WORK TO COMPLETE:
What you give back must match the data exactly, minus the pictures.
===
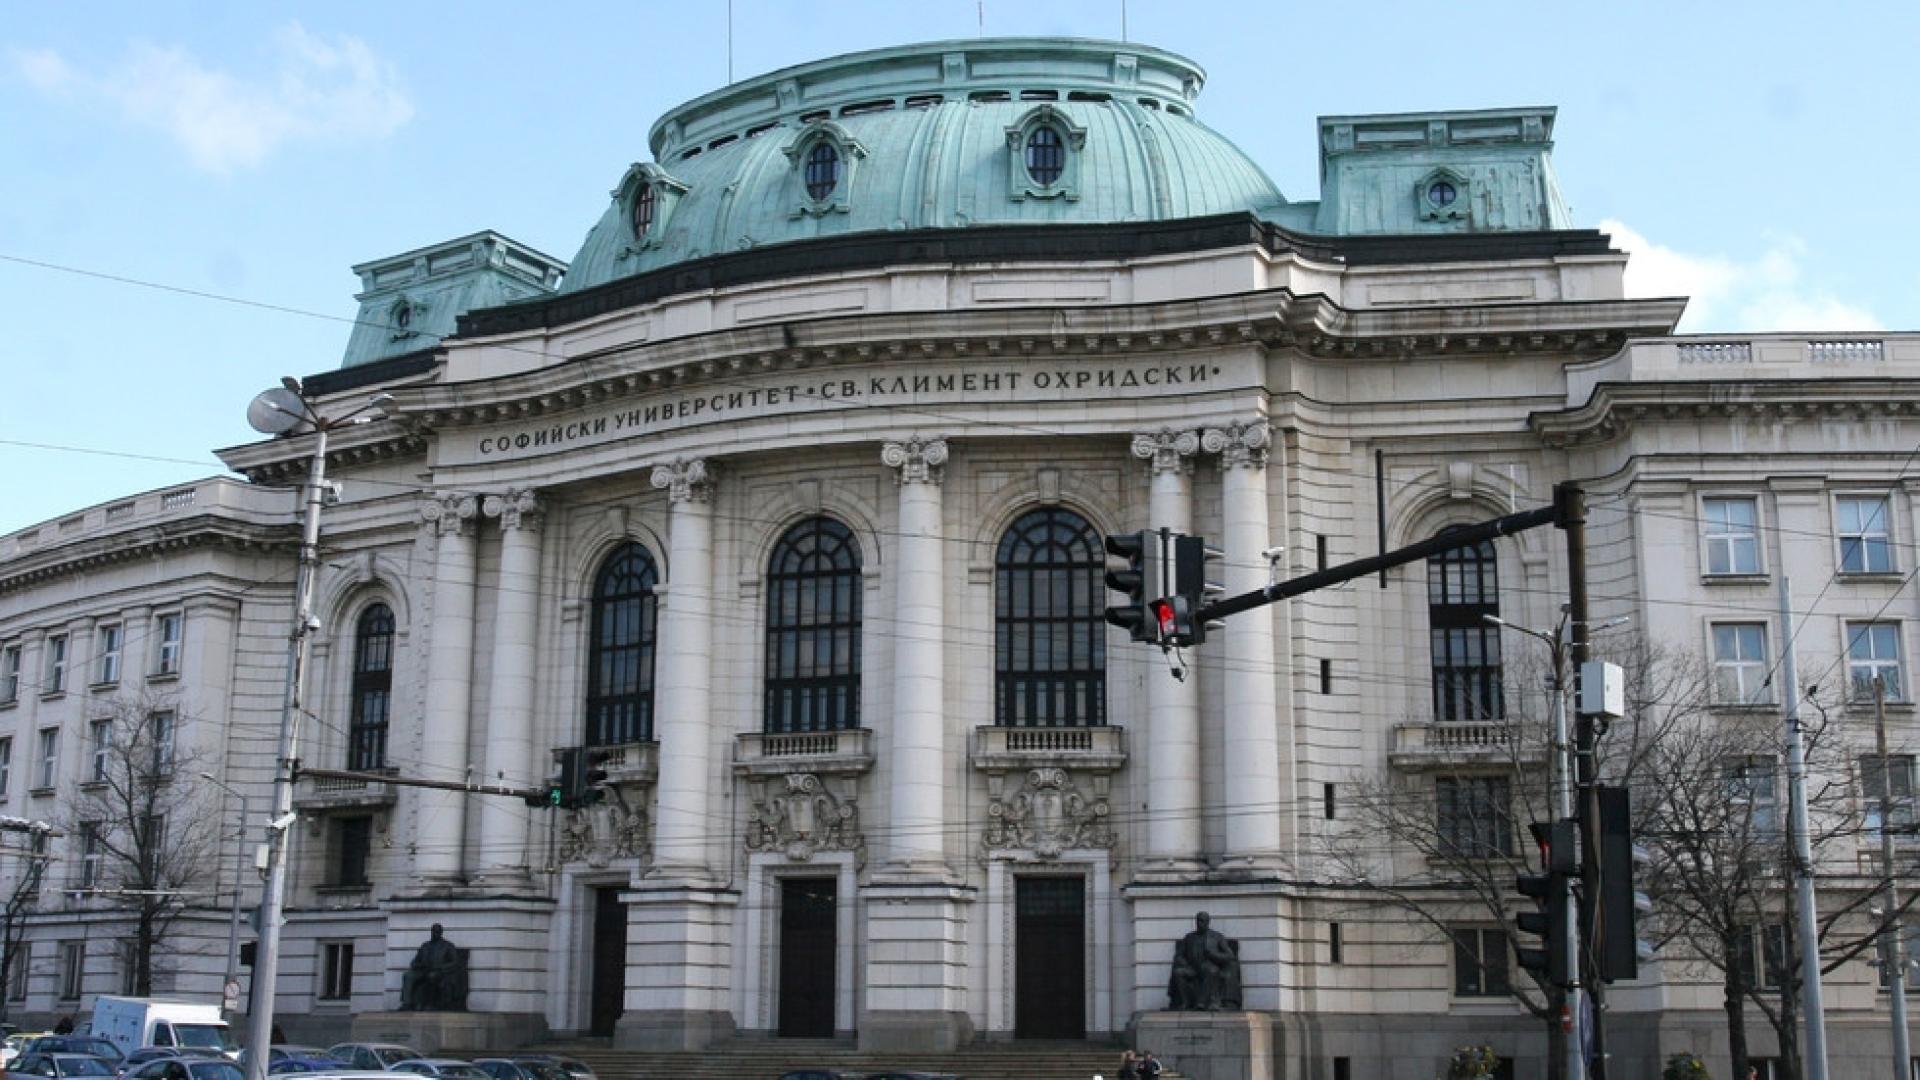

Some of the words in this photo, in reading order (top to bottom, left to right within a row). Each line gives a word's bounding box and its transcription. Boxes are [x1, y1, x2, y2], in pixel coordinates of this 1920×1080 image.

[480, 417, 607, 454] СОФИЙСКИ
[615, 385, 800, 430] УНИВЕРСИТЕТ
[821, 379, 862, 401] СВ.
[870, 371, 1021, 396] КЛИМЕНТ
[1033, 364, 1207, 389] ОХРИДСКИ
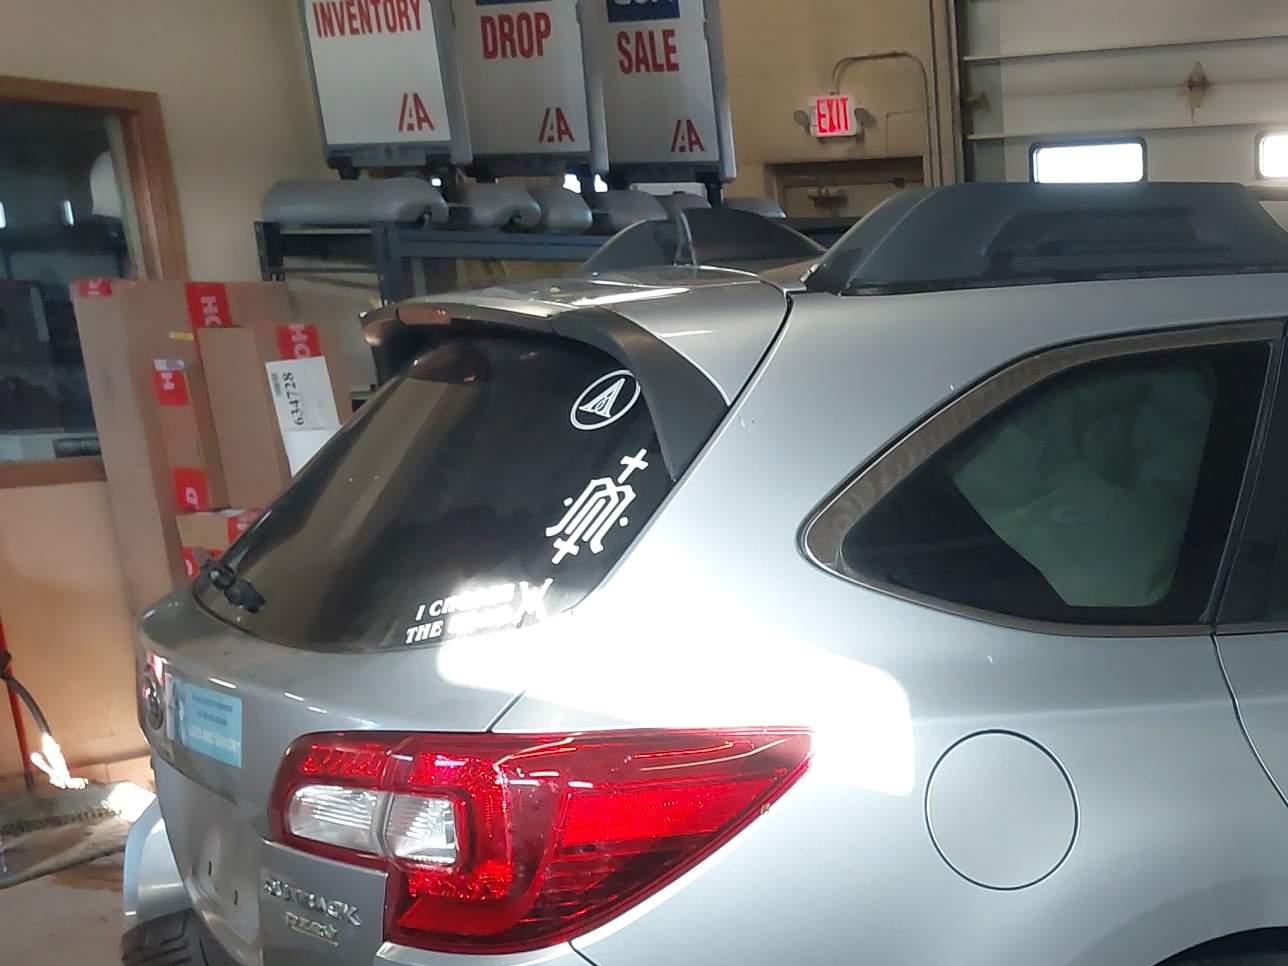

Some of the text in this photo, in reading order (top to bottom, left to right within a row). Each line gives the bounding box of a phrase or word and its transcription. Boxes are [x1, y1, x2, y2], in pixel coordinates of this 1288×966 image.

[312, 0, 422, 38] INVENTORY
[480, 12, 551, 60] DROP
[617, 29, 680, 75] SALE
[816, 97, 849, 133] EXIT
[282, 372, 305, 426] 634728
[415, 604, 426, 621] I
[405, 620, 444, 644] THE
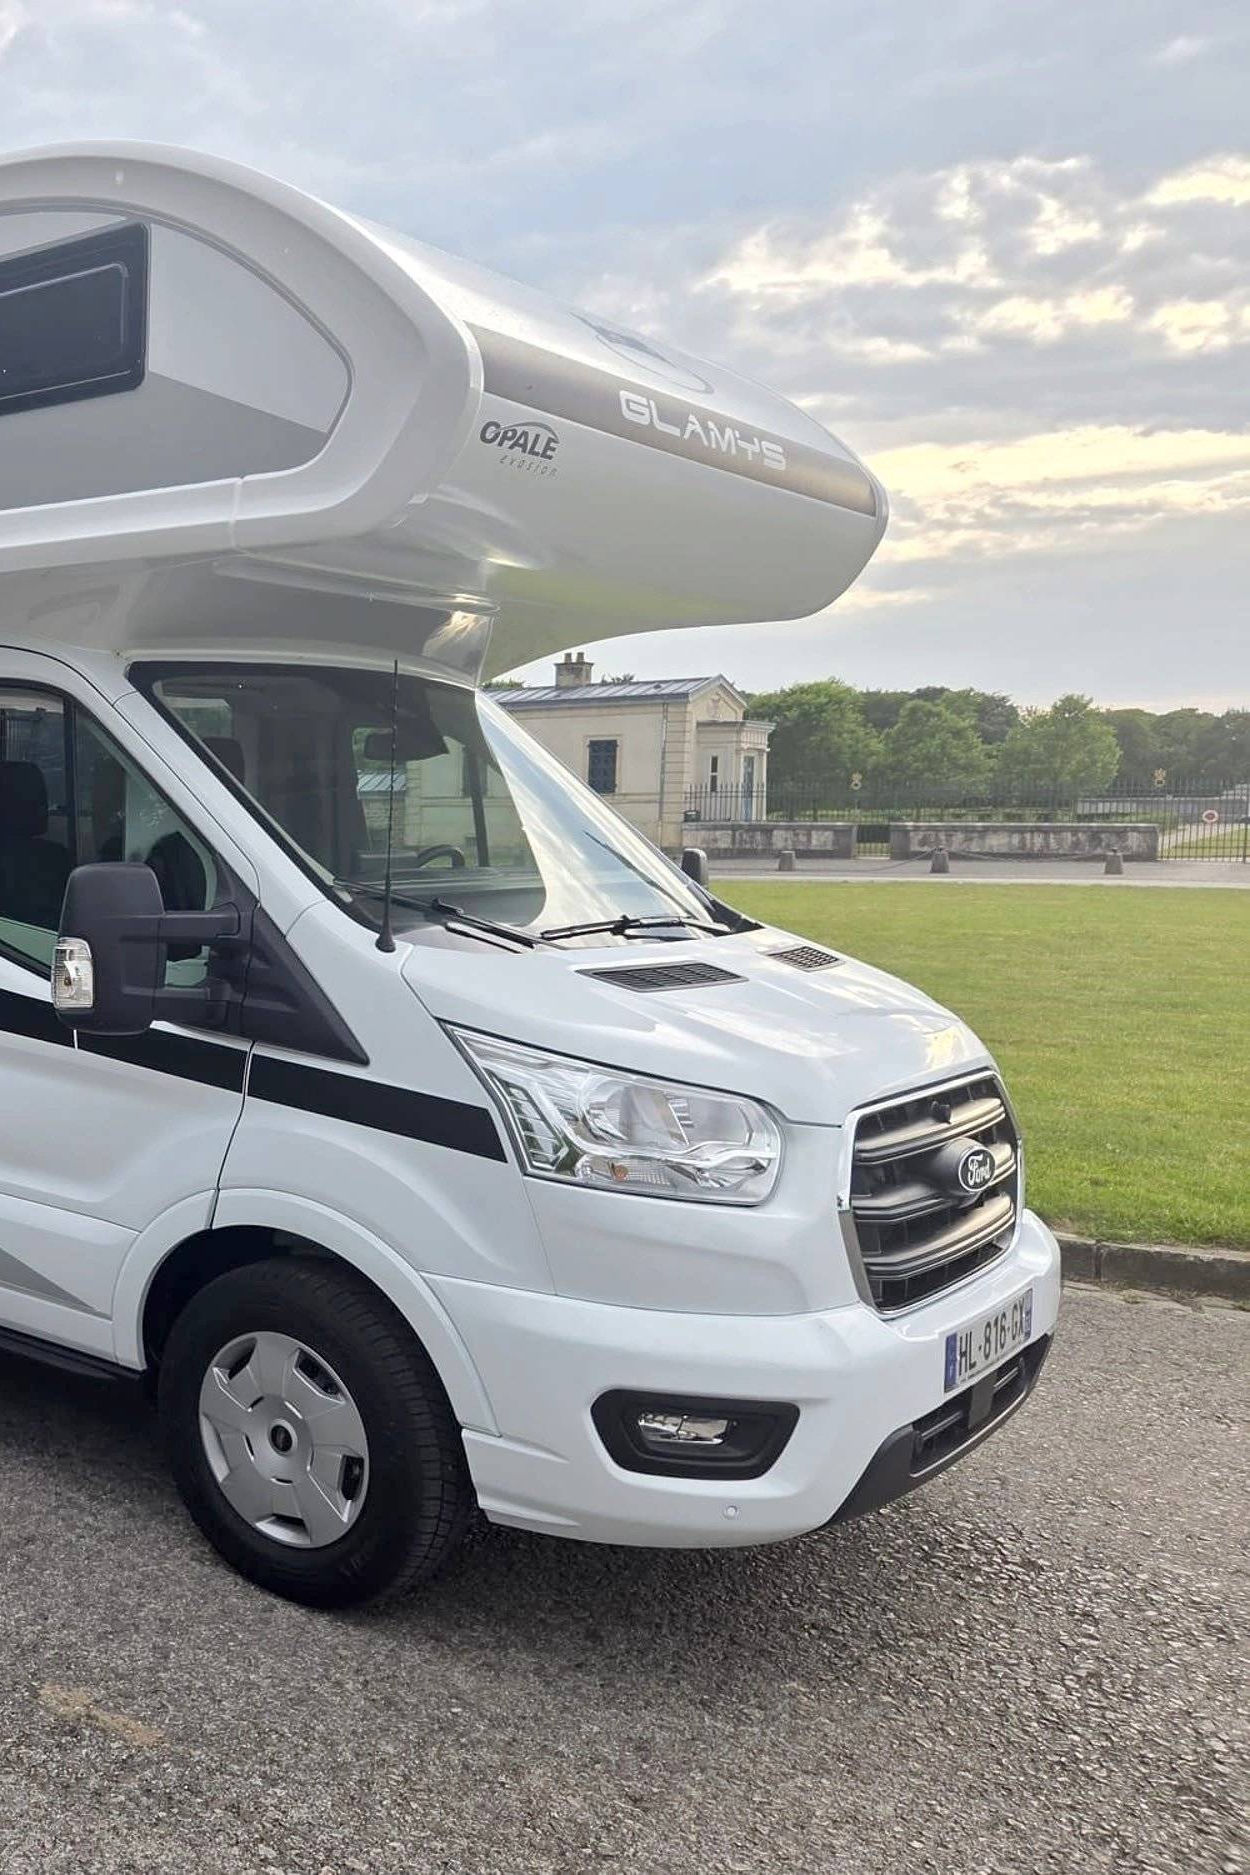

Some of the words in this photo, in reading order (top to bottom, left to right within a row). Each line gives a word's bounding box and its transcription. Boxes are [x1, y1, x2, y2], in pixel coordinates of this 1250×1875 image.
===
RESULT:
Some of the words in this photo, in reading order (top to bottom, left to right within a row). Each line gives a word's bounding box and its transcription. Boxes are [x1, y1, x2, y2], in pixel coordinates of this 1920×1080 image.

[480, 417, 607, 454] СОФИЙСКИ
[615, 385, 800, 430] УНИВЕРСИТЕТ
[821, 379, 862, 401] СВ.
[870, 371, 1021, 396] КЛИМЕНТ
[1033, 364, 1207, 389] ОХРИДСКИ

Some of the text in this photo, in reading order (top to bottom, left to right within a row). Each line gives the bounding box of a phrase or word and its transcription. Boxes are [x1, y1, x2, y2], in pixel coordinates of this 1288×966 image.

[312, 0, 422, 38] INVENTORY
[480, 12, 551, 60] DROP
[617, 29, 680, 75] SALE
[816, 97, 849, 133] EXIT
[282, 372, 305, 426] 634728
[415, 604, 426, 621] I
[405, 620, 444, 644] THE

Some of the words in this photo, in reading order (top to bottom, left to right within a row). Each line gives a word's bounding box and its transcription. Boxes are [x1, y1, x2, y2], in pixel coordinates of this 1250×1875 image.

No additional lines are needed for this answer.